At the same time, however, it was also attacked by the kind of people who would have been horrified by Trump moving the embassy. They said the board had been “simplistic” and needed to be more “cautious and measured” in its Israel comments.
This row reflects the fact that the board is supposed to be apolitical and represent the whole Anglo-Jewish community. And that harbors many different and passionately opposed views about Israel.
So although the board supports Israel, it usually does so in studiedly vague terms and avoids contentious issues such as the status of Jerusalem.
But that means failing to say that the Jewish people is entitled to a city that not only contains its holiest sites, not only is part of the land that the international community pledged to it a century ago, but was only ever the capital of the Jewish nation-state alone.
Furthermore, the board cannot properly defend British Jews against antisemitism unless it publicly exposes the lies told about Israel, including the claim that it illegally occupies “Palestinian” lands.
Recognizing Jerusalem as Israel’s capital is to acknowledge the Jews’ historic and unique claim not just to the city but to the entire Land of Israel. It thus repudiates the big lie told by the Arab world, which rewrites the Jews out of their own history in order to destroy Israel altogether.
As a senior Palestinian official, Abbas Zaki, said in 2011: “If they get out of Jerusalem, what will become of all the talk about the Promised Land and the Chosen People?... They consider Jerusalem to have a spiritual status... If the Jews leave those places, the Zionist idea will begin to collapse.”
When in 1967 Israel liberated those parts of Jerusalem that had been illegally occupied by Jordan, it did no more than complete the task of ridding the land of the illegal Arab colonialist regime, which had helped try to destroy Israel at its rebirth in 1948.

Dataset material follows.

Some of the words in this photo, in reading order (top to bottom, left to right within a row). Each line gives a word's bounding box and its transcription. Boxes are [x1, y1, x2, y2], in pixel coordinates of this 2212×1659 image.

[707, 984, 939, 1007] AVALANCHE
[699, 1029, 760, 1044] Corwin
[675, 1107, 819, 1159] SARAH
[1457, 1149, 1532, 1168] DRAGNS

The current Arab administration of the Temple Mount has turned that ostensibly holy Muslim site into a theater of genocidal war, using it to incite the mass murder of Jews and even using it for that purpose as a weapons depository.
Those who entertain the very possibility of Israel giving up that part of Jerusalem to people with such a murderous and antisemitic record are helping perpetuate, however unwittingly, the war of extermination against Israel in which Jerusalem is used as a hostage.

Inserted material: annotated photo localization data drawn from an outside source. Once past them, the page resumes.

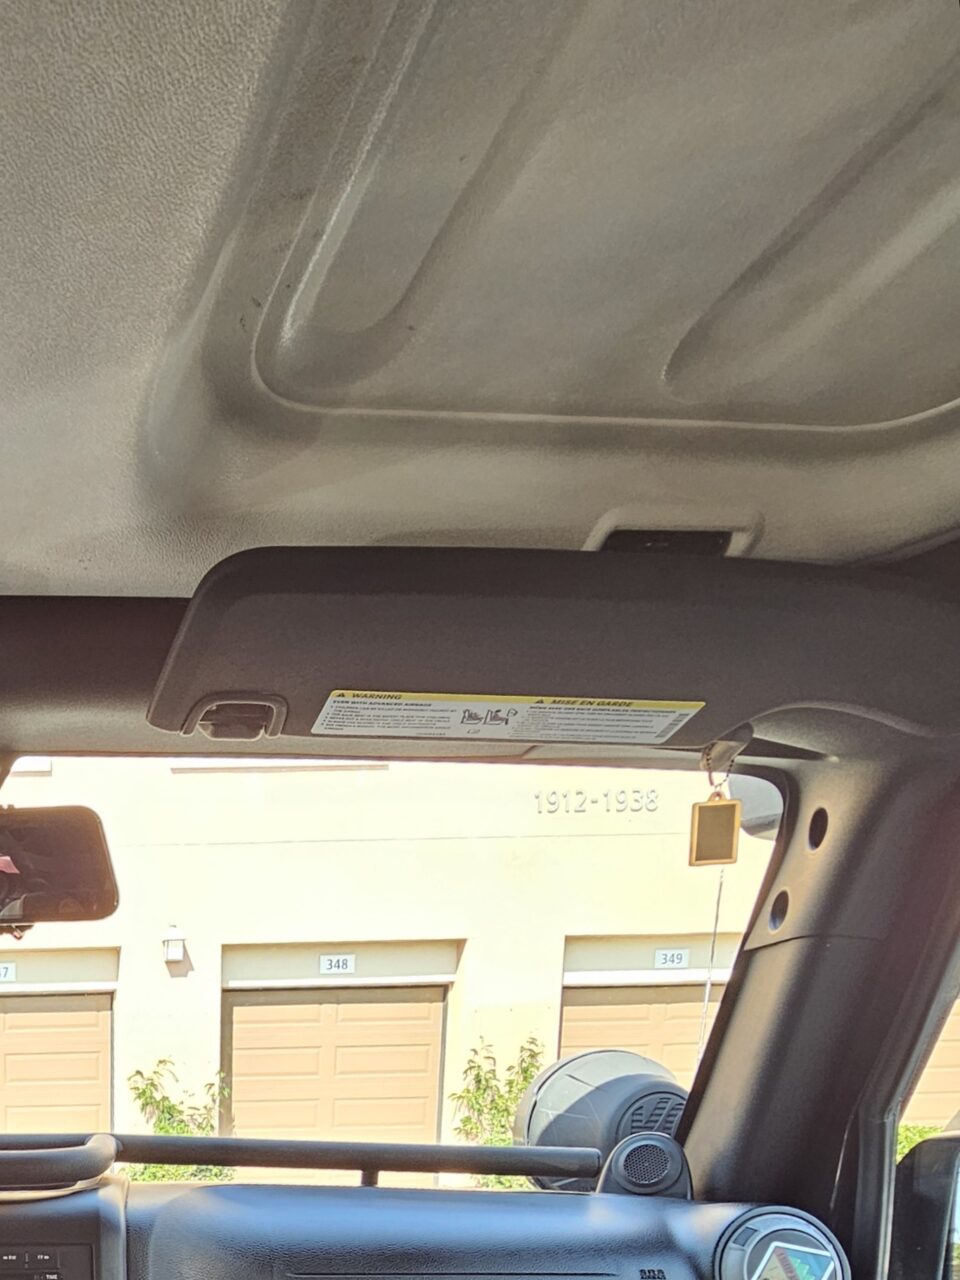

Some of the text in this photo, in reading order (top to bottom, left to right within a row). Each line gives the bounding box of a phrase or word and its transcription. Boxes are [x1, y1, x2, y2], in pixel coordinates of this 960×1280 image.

[352, 692, 403, 700] WARNING
[534, 789, 659, 814] 1912-1938
[326, 958, 348, 970] 348
[661, 953, 683, 965] 349
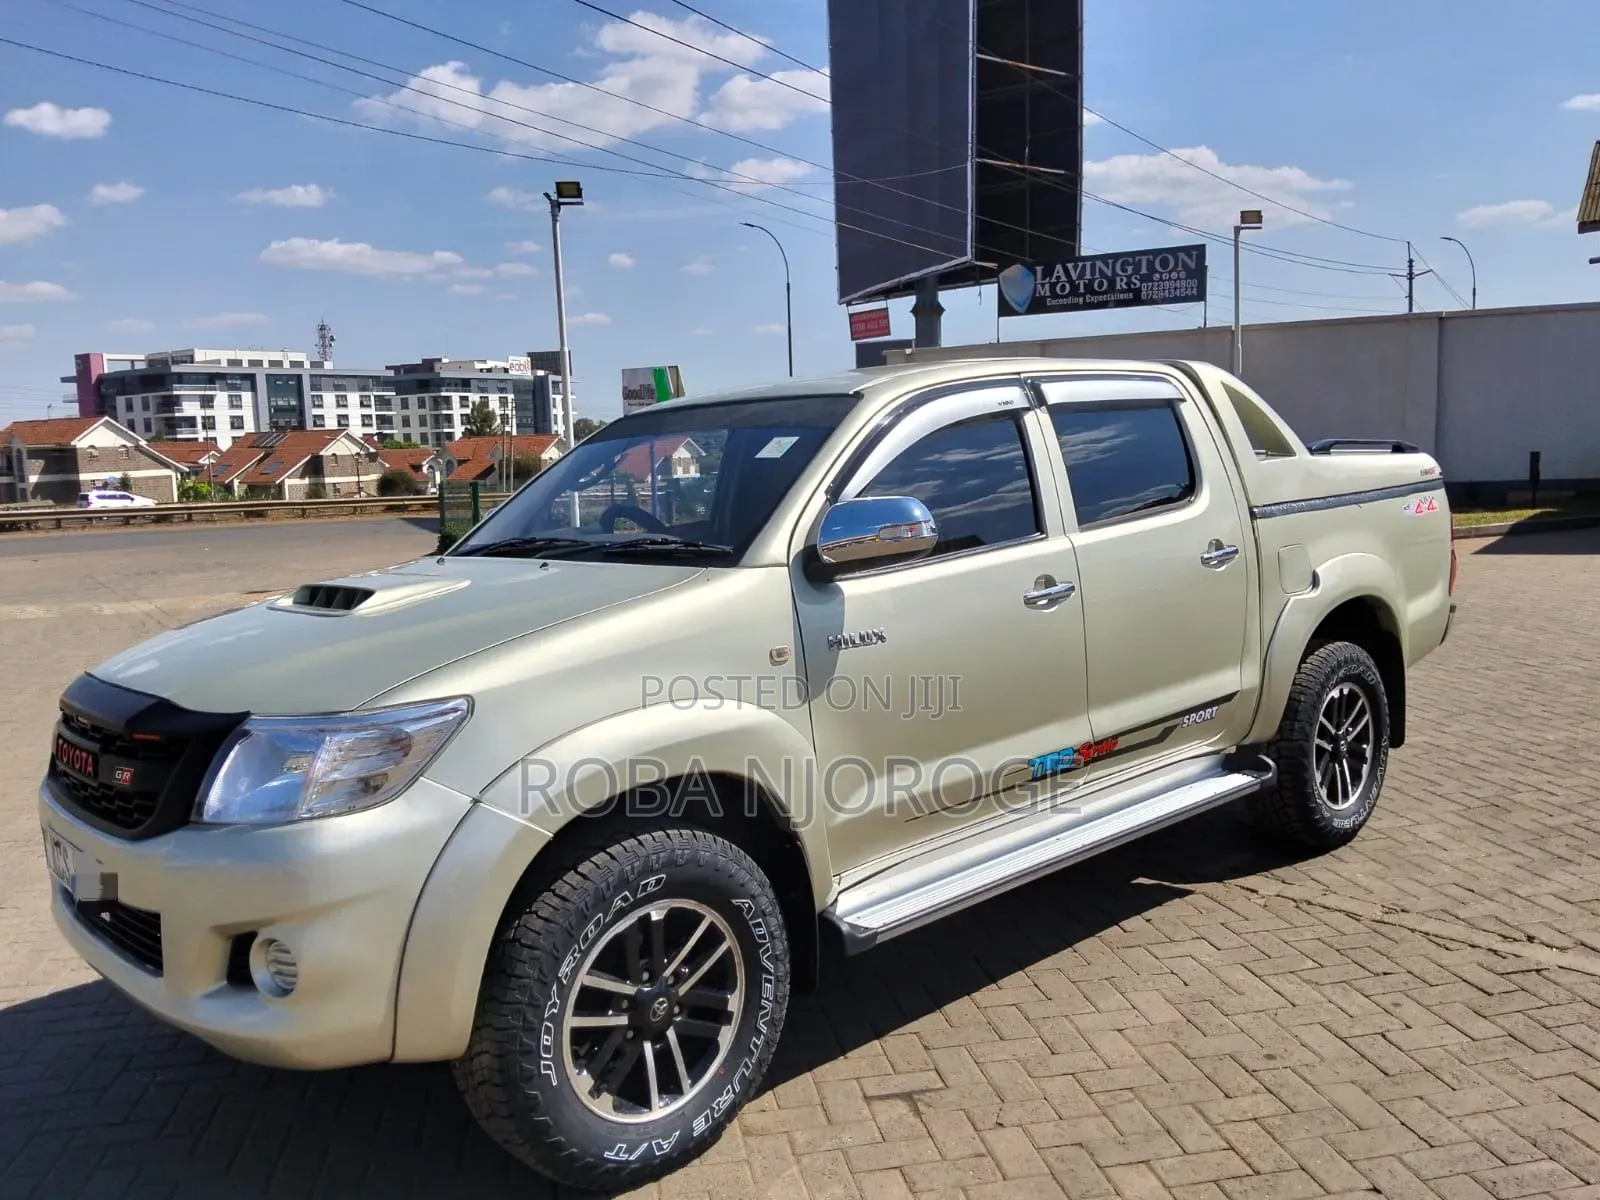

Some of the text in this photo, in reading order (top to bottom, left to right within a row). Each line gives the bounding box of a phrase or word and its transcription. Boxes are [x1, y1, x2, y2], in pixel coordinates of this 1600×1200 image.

[1035, 252, 1198, 284] LAVINGTON
[1036, 275, 1141, 296] MOTORS
[827, 629, 887, 651] HILUX
[1182, 706, 1219, 728] SPORT
[58, 739, 94, 777] TOYOTA
[540, 874, 777, 1161] JOYROAD ADVENTURE A/T

For Diaspora community leadership bodies, this means there’s a direct clash between trying to keep everyone on board and properly defending Israel and the Jewish people.
In the US, AIPAC has experienced similar difficulties. The fallacy is to think that this clash can be defused by playing to the lowest common denominator over Israel. It cannot. Those who cede any ground at all to the fundamental lies and injustice to which Israel is subjected make themselves unavoidably complicit in those lies and injustice.

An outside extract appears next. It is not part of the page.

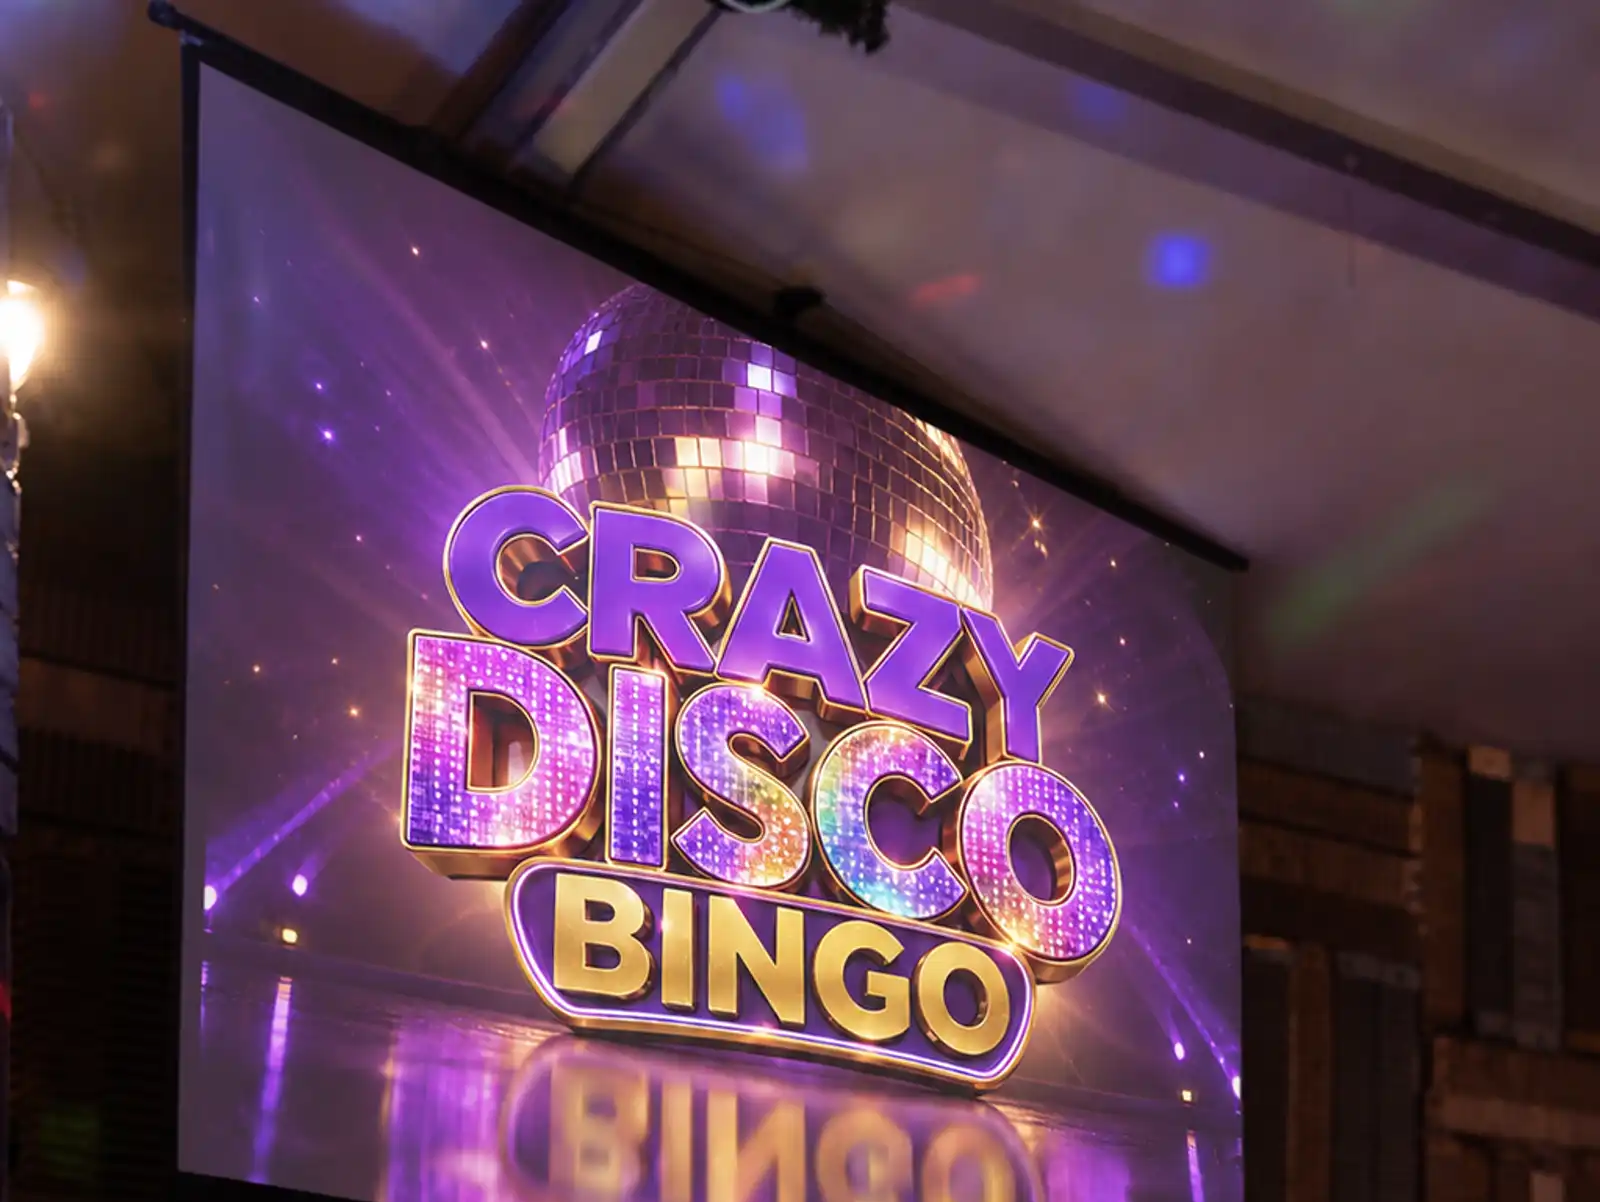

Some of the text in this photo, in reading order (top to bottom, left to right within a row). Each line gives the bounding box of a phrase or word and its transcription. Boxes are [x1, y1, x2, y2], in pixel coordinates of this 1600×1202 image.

[445, 486, 1074, 763] CRAZY
[402, 630, 1122, 966] DISCO
[552, 873, 1010, 1056] BINGO

So Diaspora communities need to choose. Do they try to keep everyone on board, including those Jews who are indifferent or hostile to Israel; or do they unequivocally stand up for the Jewish people as a people?
Many of them instinctively feel that to identify as a people within the Diaspora is a contradiction in terms and dangerous to boot. British Jews have always been the most craven in this regard.
American Jews are going down the same road, although for different reasons. Now Australian Jews, previously among the most staunch and outspoken supporters of Israel, have wobbled.
Shame.
Melanie Phillips is a columnist for The Times (UK).